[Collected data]

+++++

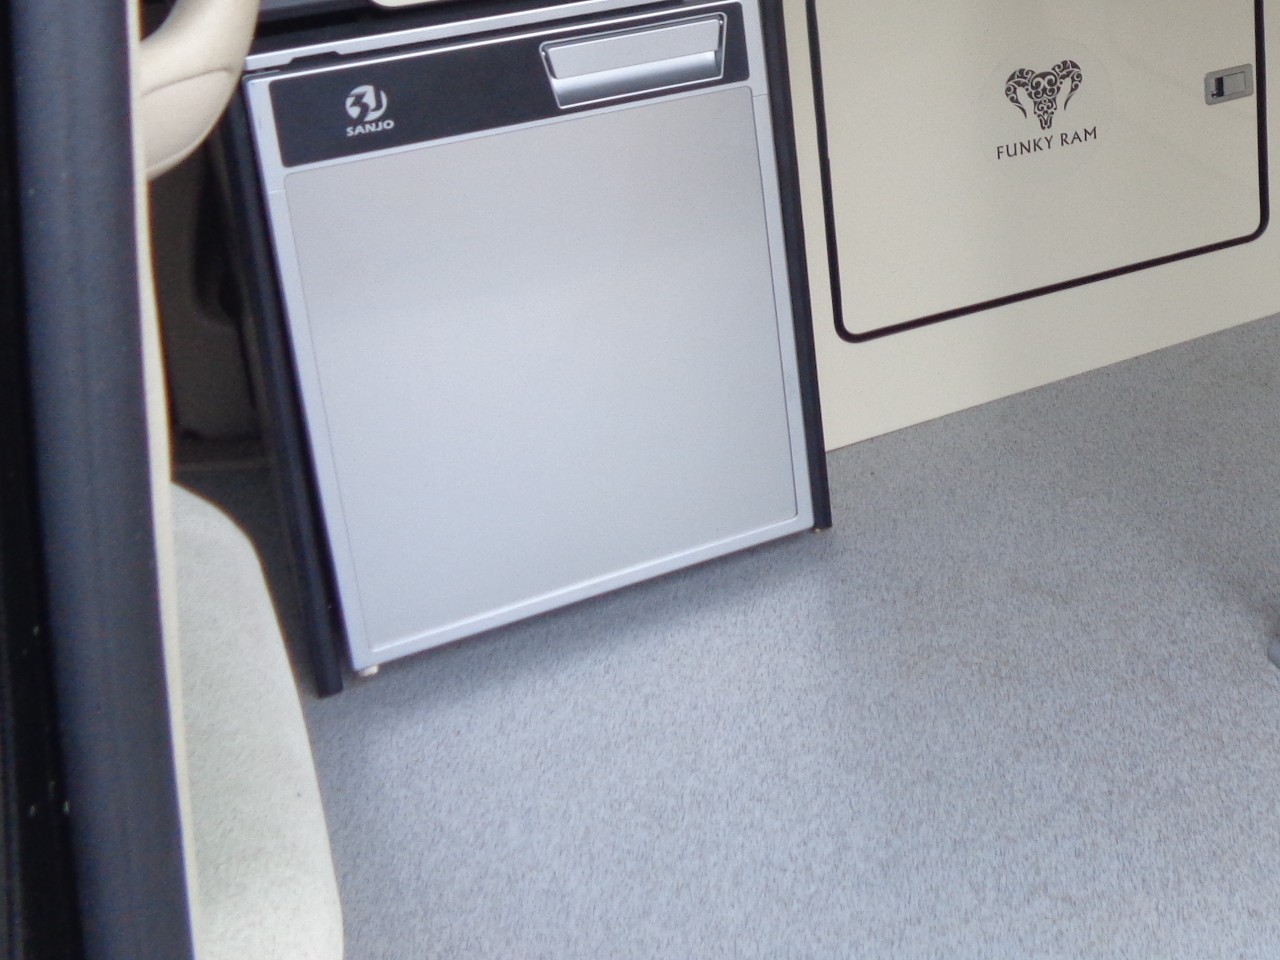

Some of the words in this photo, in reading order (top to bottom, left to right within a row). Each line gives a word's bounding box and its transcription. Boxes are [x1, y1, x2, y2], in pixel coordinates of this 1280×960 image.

[346, 119, 395, 137] SANJO
[996, 135, 1054, 160] FUNKY
[1060, 126, 1098, 147] RAM
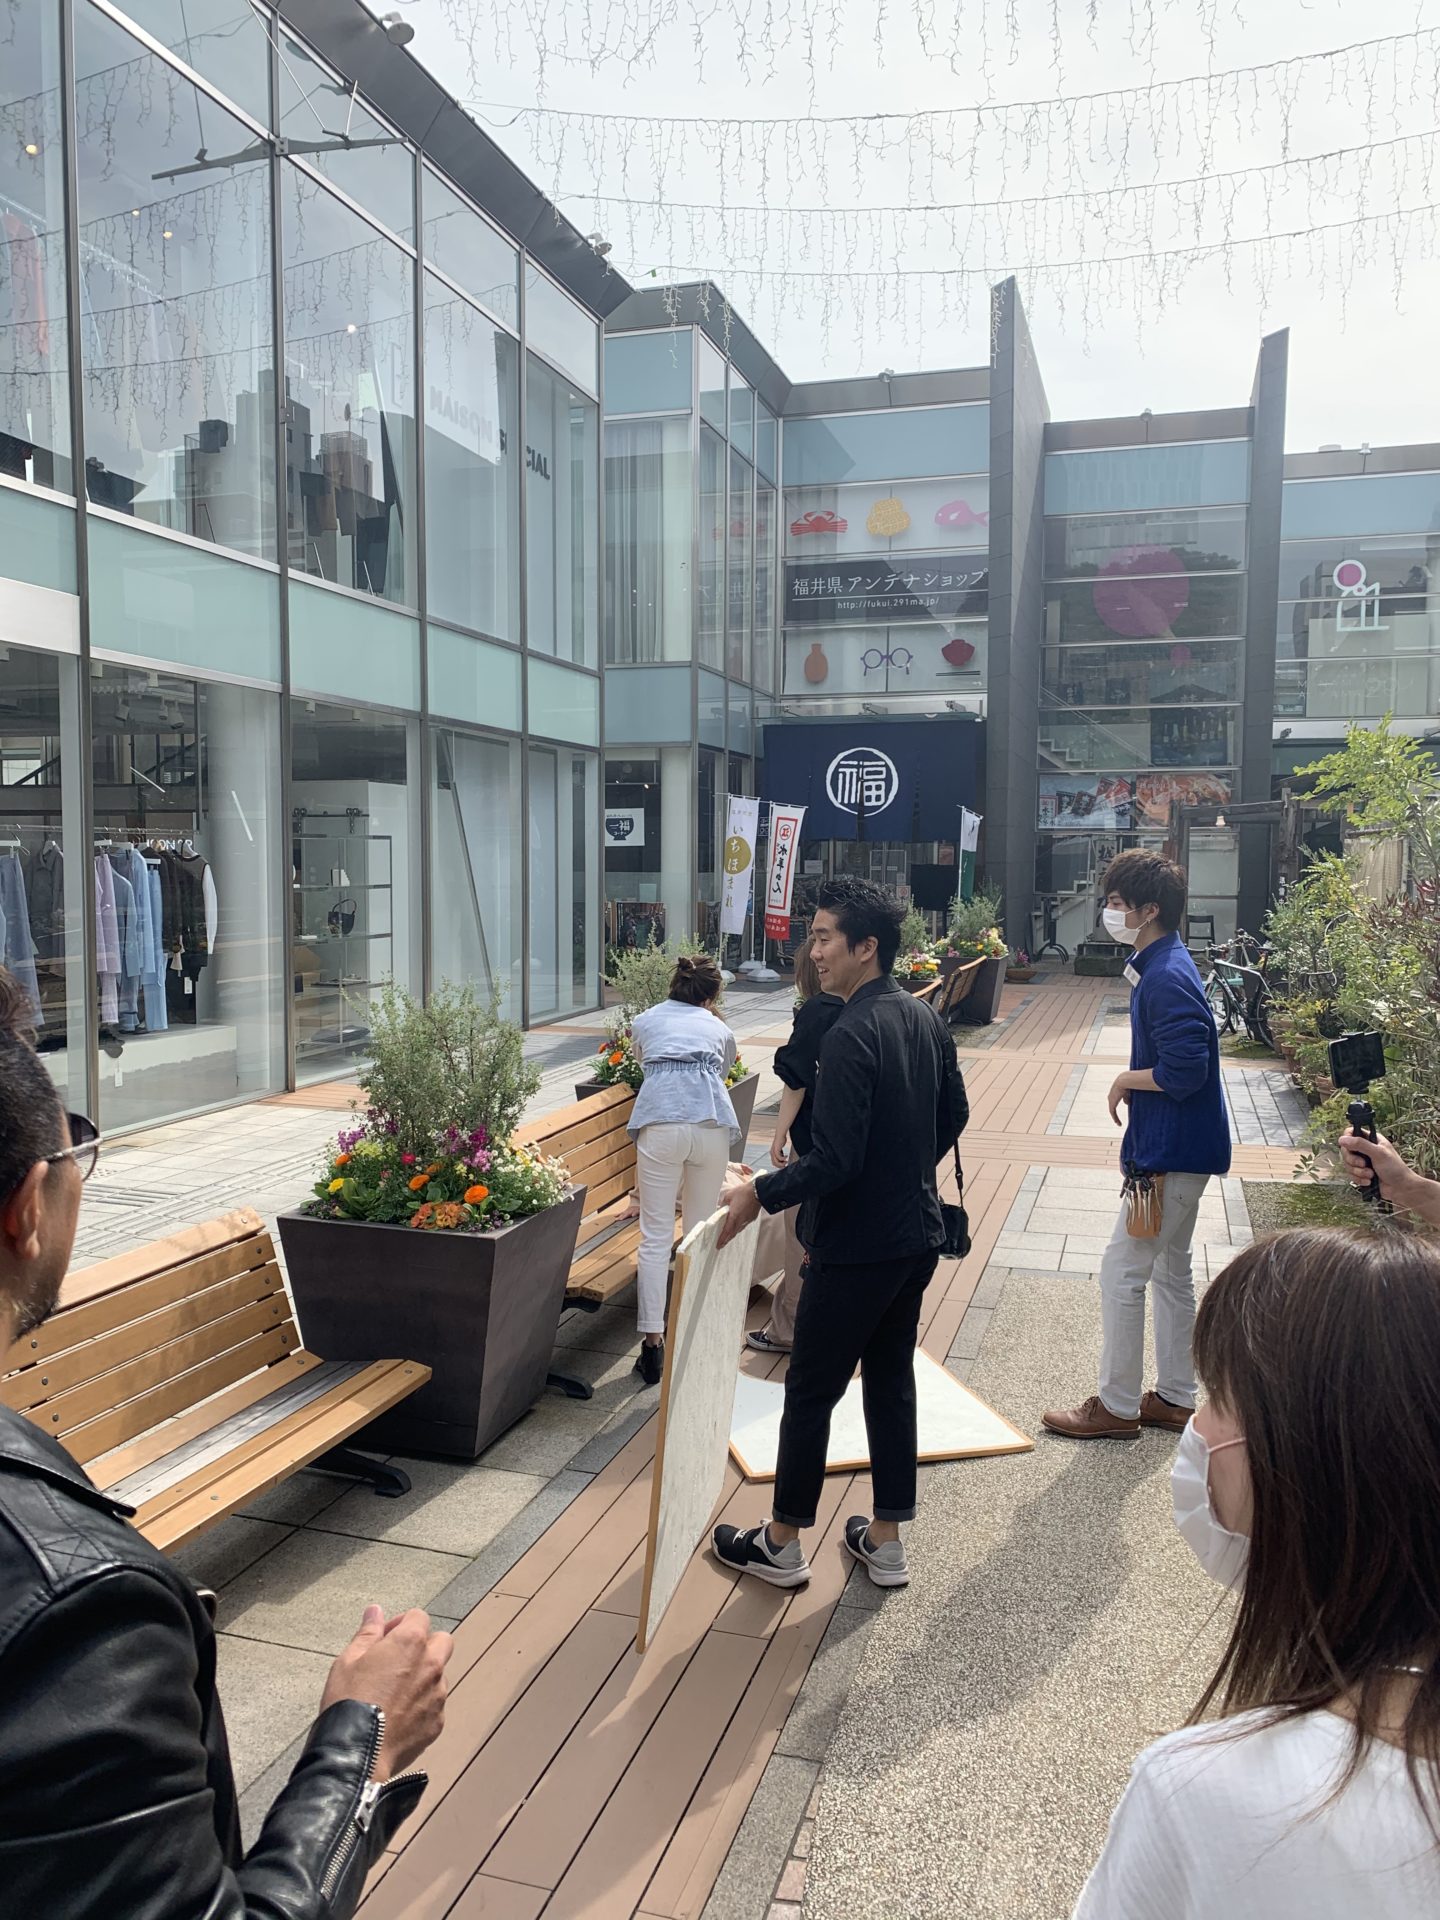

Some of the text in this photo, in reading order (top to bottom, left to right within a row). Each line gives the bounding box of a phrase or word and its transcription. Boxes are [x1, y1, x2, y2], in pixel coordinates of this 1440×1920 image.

+++++

*EXERCISE OBJECTIVE*
Every entry above needs to be printed again exactly, with its pictures left out.

*TASK SOLUTION*
Some of the words in this photo, in reading order (top to bottom, left to right within a row). Each line gives a word's bounding box and its transcription. Boxes are [x1, y1, x2, y2], in pixel coordinates of this 1280×960 image.

[346, 119, 395, 137] SANJO
[996, 135, 1054, 160] FUNKY
[1060, 126, 1098, 147] RAM

Some of the text in this photo, in reading order (top to bottom, left to right within a row). Each line gives the bounding box of a phrase or word and its transcription. Boxes are [x1, y1, x2, y2], in pixel coordinates of this 1440×1920 image.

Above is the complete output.